§ 01 Problem
Businesses lose track of who talked to which customer and when — calls, meetings and emails end up scattered across inboxes and spreadsheets, and a dropping satisfaction signal goes unnoticed until the customer is gone. The course brief asked for a real OOP application; I chose to answer it with a centralized customer-tracking system where every interaction lives in one place.
§ 02 Approach
- Strict three-layer separation: Forms/ only talks to the user, Data/ owns every line of SQL, Models/ holds plain entities with enums for type-safe status and activity types — so a change in one layer doesn't ripple through the others.
- A generic abstract BaseRepository<T> forces every entity repository to implement Add, GetAll, GetById, Update, Delete — inheritance, generics and abstraction doing actual work instead of living on a slide.
- Every query is parametrized ADO.NET — CustomerRepository.cs binds @firstName, @email and friends via parameters, never string concatenation — which is the habit that matters long after the course grade.

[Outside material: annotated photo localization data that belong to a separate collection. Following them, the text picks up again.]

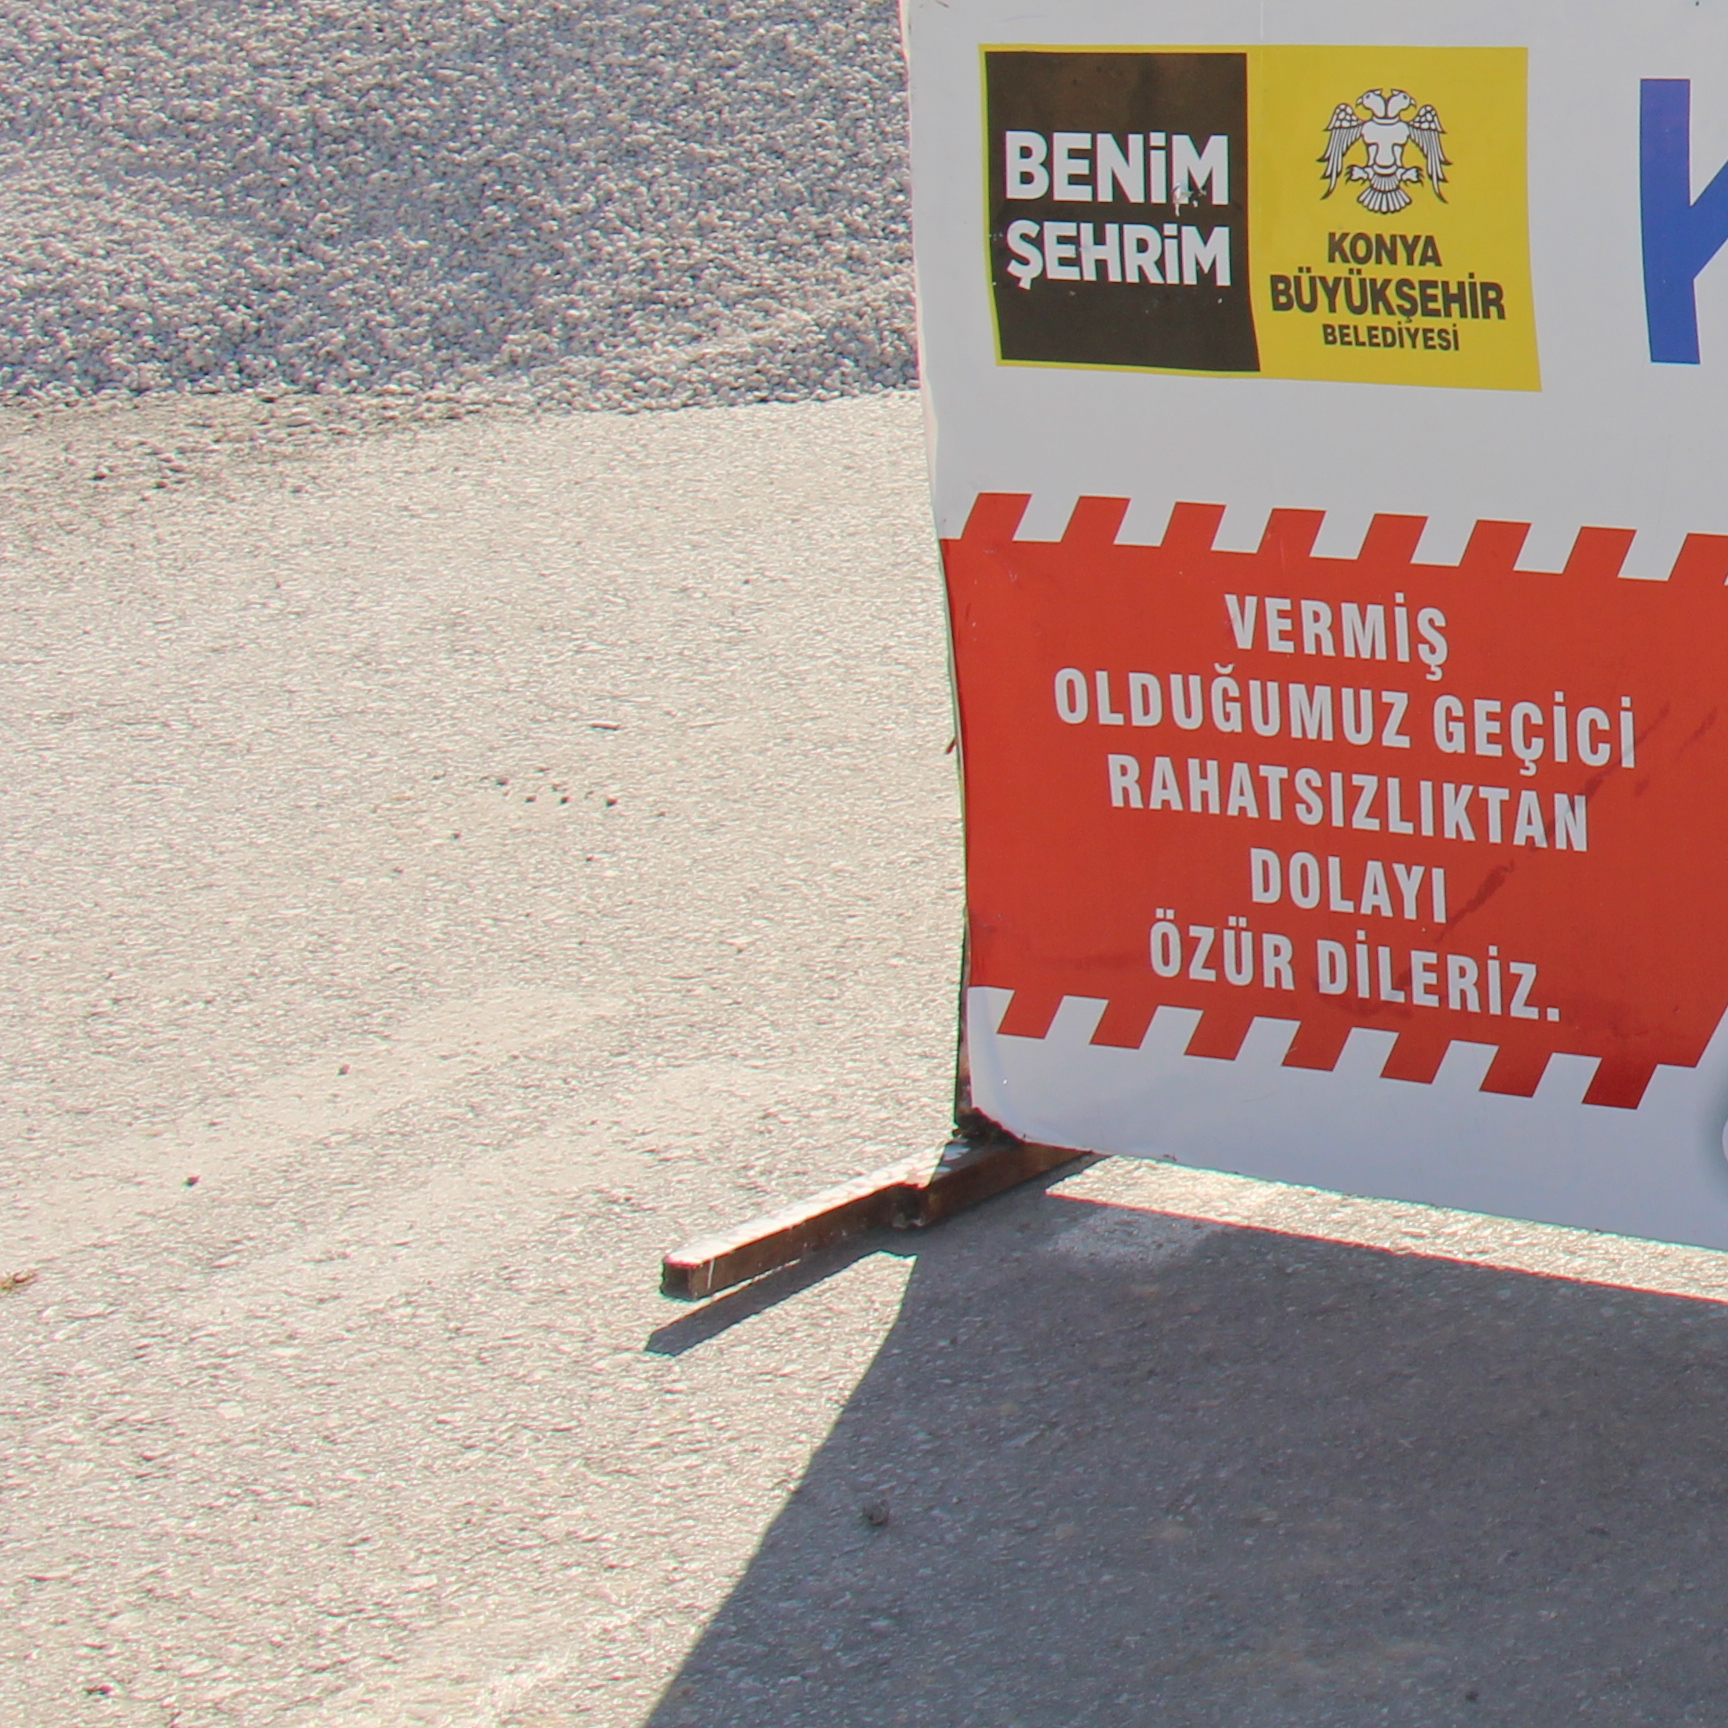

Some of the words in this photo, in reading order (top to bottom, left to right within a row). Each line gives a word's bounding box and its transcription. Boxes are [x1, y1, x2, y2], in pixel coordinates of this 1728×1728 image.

[1005, 130, 1229, 205] BENİM
[1006, 219, 1231, 290] ŞEHRİM
[1328, 232, 1442, 267] KONYA
[1270, 266, 1506, 323] BÜYÜKŞEHİR
[1322, 321, 1460, 352] BELEDİYESİ
[1225, 592, 1449, 681] VERMİŞ
[1054, 663, 1411, 750] OLDUĞUMUZ
[1433, 690, 1636, 777] GEÇİCİ
[1107, 753, 1588, 853] RAHATSIZLIKTAN
[1250, 847, 1448, 924] DOLAYI
[1150, 909, 1294, 991] ÖZÜR
[1317, 929, 1560, 1023] DİLERİZ.

- Zero-setup persistence: DatabaseHelper.cs creates crm.db on first launch, builds the schema with foreign keys (Company 1-N Customer 1-N Activity), and loads a deterministic seed (30 companies, ~400 customers, ~600 activities) so the app demos itself.

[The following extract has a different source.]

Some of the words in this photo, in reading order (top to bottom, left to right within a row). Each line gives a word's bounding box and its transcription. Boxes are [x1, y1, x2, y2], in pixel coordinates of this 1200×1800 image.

- The UI takes itself seriously for a course project: required-field checks with MailAddress-based email verification, live search plus status/company filters, and a single DesignSystem.cs so every screen shares one palette and type scale.
§ 03 Outcome
A working desktop CRM with a dashboard (status distribution bars, last-10-activities feed), full CRUD across three modules, and activity notes that surface satisfaction signals like low-satisfaction escalation flags. Presented as my NTP-2 term project in May 2026 — the deck walks from problem to UML to running screens.